If you're only going to take a quick glance, then this prototype doesn't have much to offer. But, if you look hard, you'll notice that the rear fenders have extensions, and there's a weird transparent cap sticking out.
Frankly, we're not surprised that the next 911 is going to be an evolution of the current one. It happened before, plus the 991 generation is already one of the lightest sportscars around. The Germans are likely going to look at every major chassis component and check if it can be made lighter using different materials, welding or construction methods.
We can't say for sure what engine they are working with, but the twin exhaust system hints at the latest 3.0-liter turbos. Porsche invested a lot of money into the development of these advanced new flat-six engines and should keep them around for many years to come.
Our test prototype also comes with all-wheel-drive, but that's not really important. Now that the Jaguar F-Type also has power going to the front wheels, Porsche will have to re-invent its trademark model by offering a hybrid.
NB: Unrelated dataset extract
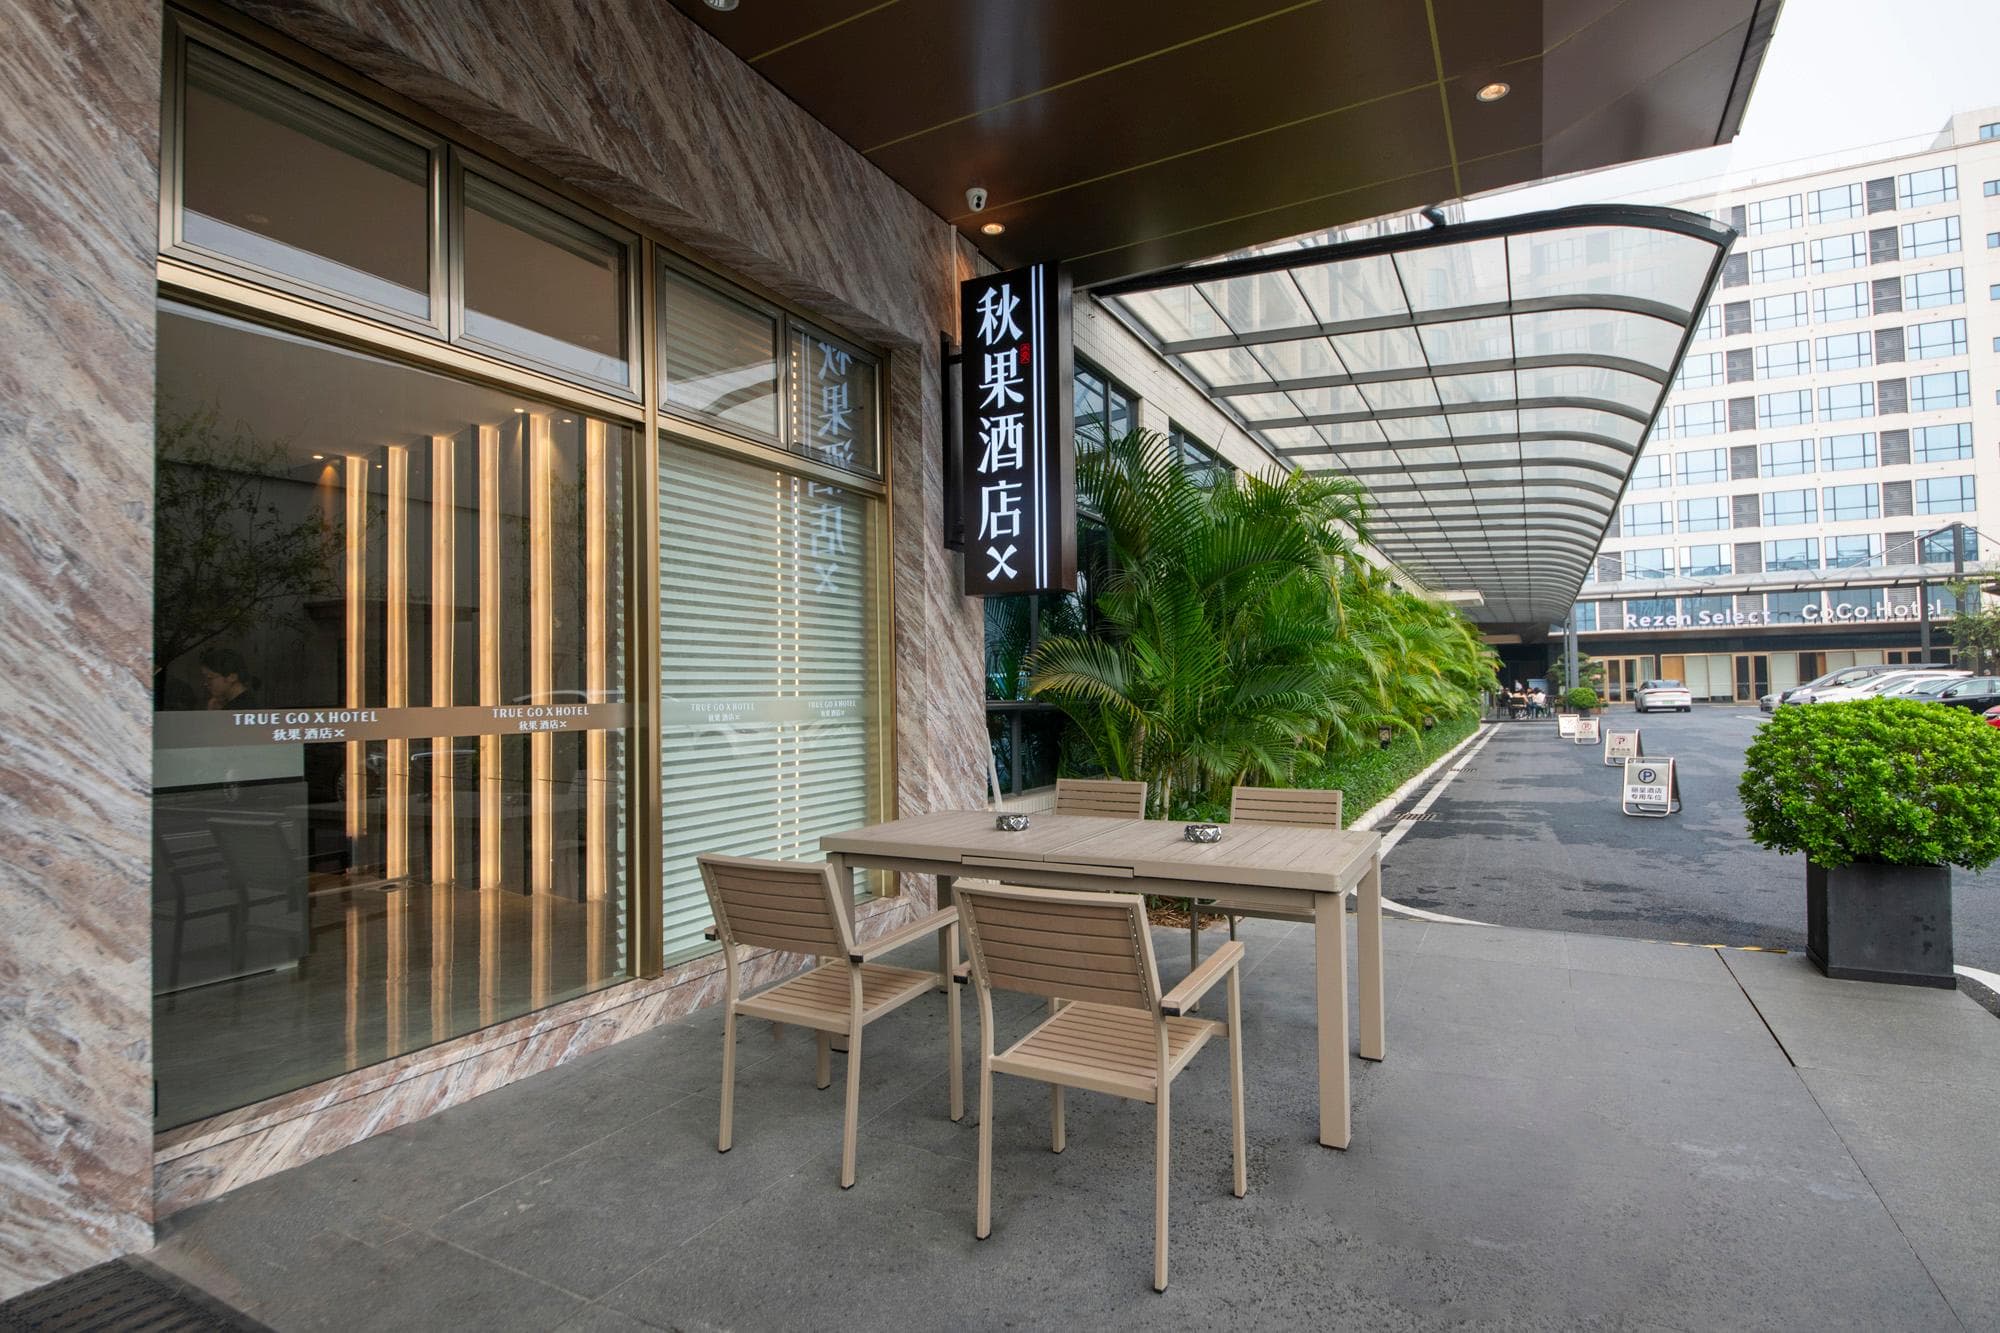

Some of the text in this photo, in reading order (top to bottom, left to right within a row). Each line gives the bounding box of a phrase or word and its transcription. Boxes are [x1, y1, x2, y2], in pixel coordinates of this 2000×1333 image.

Using the lessons learned from the 918 Spyder, Porsche will make the 911 go faster using electricity. We don't know where the model will fit within the range, but it should be a bespoke eco one like the S E-Hybrid versions of the Cayenne and Panamera.
The market for a sportscar with EV range is clearly there, as proven by the BMW i8. However, squeezing large batteries into the compact and delicate frame of the Stuttgart prancing horse will be tricky. Will the four-cylinder engines made for the Cayman and Boxster offer extra room? We'll have to wait a couple of years and see.
The Mission E concept from Frankfurt brought us a glimpse of Porsche's all-electric future. However, that car should be based on the modular electric platform being developed by Volkswagen group.
While the Macan and Cayenne are selling like hotcakes, the 911 is not a top priority. That's why we suspect this new model will launch as late as 2018.